What is being asked »
Your answer must be an exact copy of the records below, minus the pictures.

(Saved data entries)
━━━━━━
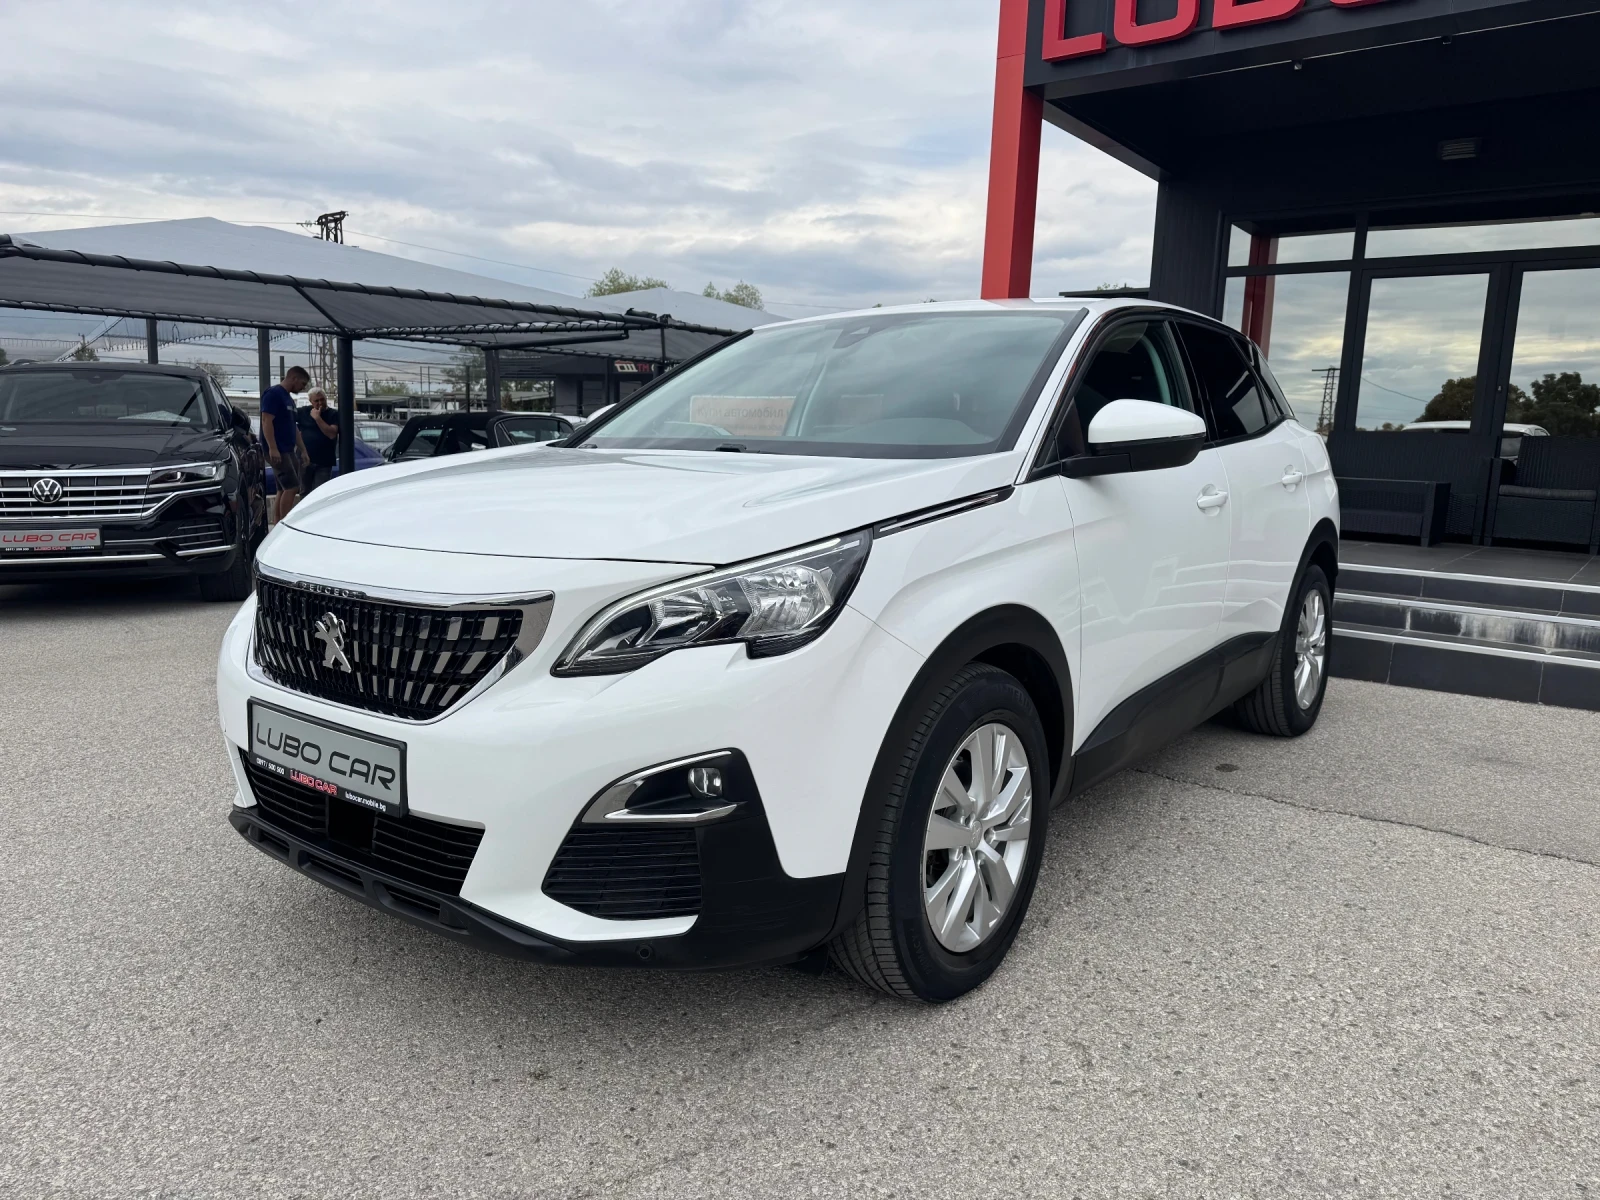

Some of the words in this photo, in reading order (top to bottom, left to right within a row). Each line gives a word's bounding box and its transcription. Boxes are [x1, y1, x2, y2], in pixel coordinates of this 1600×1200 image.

[1041, 0, 1382, 63] LU
[724, 406, 783, 418] автомобил
[2, 534, 54, 543] LUBO
[58, 532, 97, 542] CAR
[256, 723, 322, 765] LUBO
[328, 751, 396, 791] CAR
[290, 769, 315, 788] LUBO
[315, 779, 338, 796] CAR
[345, 790, 387, 813] lubocar.mobile.bg
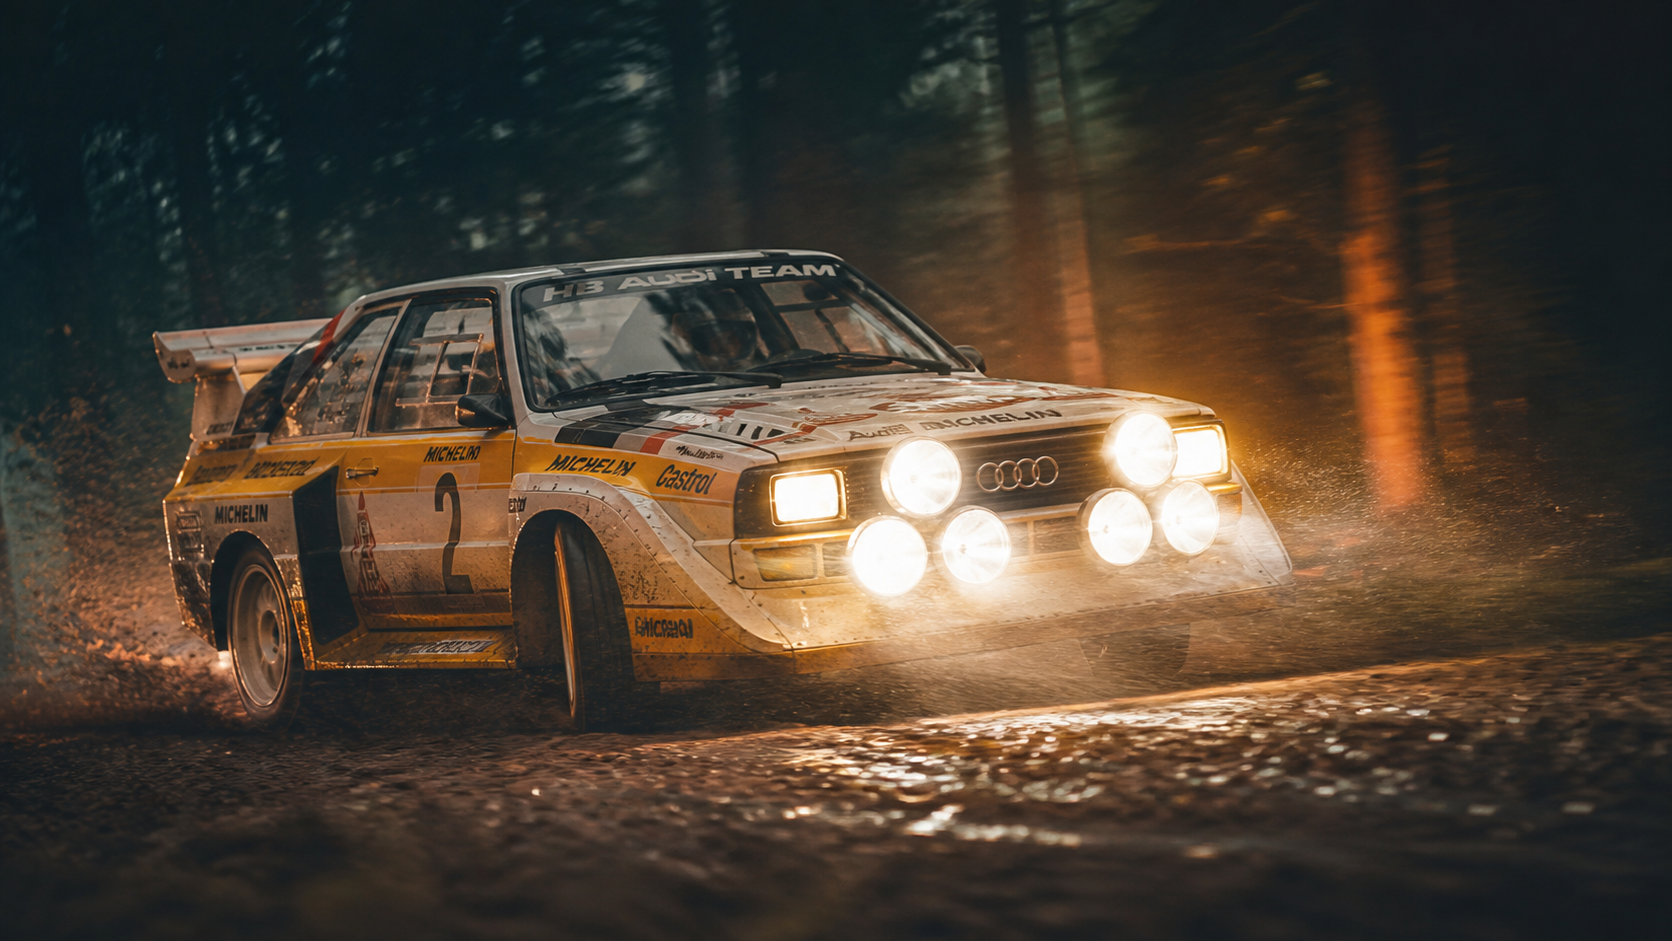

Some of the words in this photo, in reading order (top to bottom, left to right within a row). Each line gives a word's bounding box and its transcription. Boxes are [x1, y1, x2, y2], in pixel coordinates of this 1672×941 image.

[543, 281, 605, 302] HB
[724, 264, 838, 280] TEAM
[545, 454, 637, 477] MICHELIN
[655, 464, 717, 495] Castrol
[214, 504, 269, 525] MICHELIN
[434, 472, 475, 595] 2
━━━━━━
Exercise solution »
Some of the words in this photo, in reading order (top to bottom, left to right within a row). Each line gives a word's bounding box and its transcription. Boxes are [x1, y1, x2, y2], in pixel coordinates of this 1600×1200 image.

[1041, 0, 1382, 63] LU
[724, 406, 783, 418] автомобил
[2, 534, 54, 543] LUBO
[58, 532, 97, 542] CAR
[256, 723, 322, 765] LUBO
[328, 751, 396, 791] CAR
[290, 769, 315, 788] LUBO
[315, 779, 338, 796] CAR
[345, 790, 387, 813] lubocar.mobile.bg

Some of the words in this photo, in reading order (top to bottom, left to right within a row). Each line gives a word's bounding box and its transcription. Boxes are [x1, y1, x2, y2], in pixel coordinates of this 1672×941 image.

[543, 281, 605, 302] HB
[724, 264, 838, 280] TEAM
[545, 454, 637, 477] MICHELIN
[655, 464, 717, 495] Castrol
[214, 504, 269, 525] MICHELIN
[434, 472, 475, 595] 2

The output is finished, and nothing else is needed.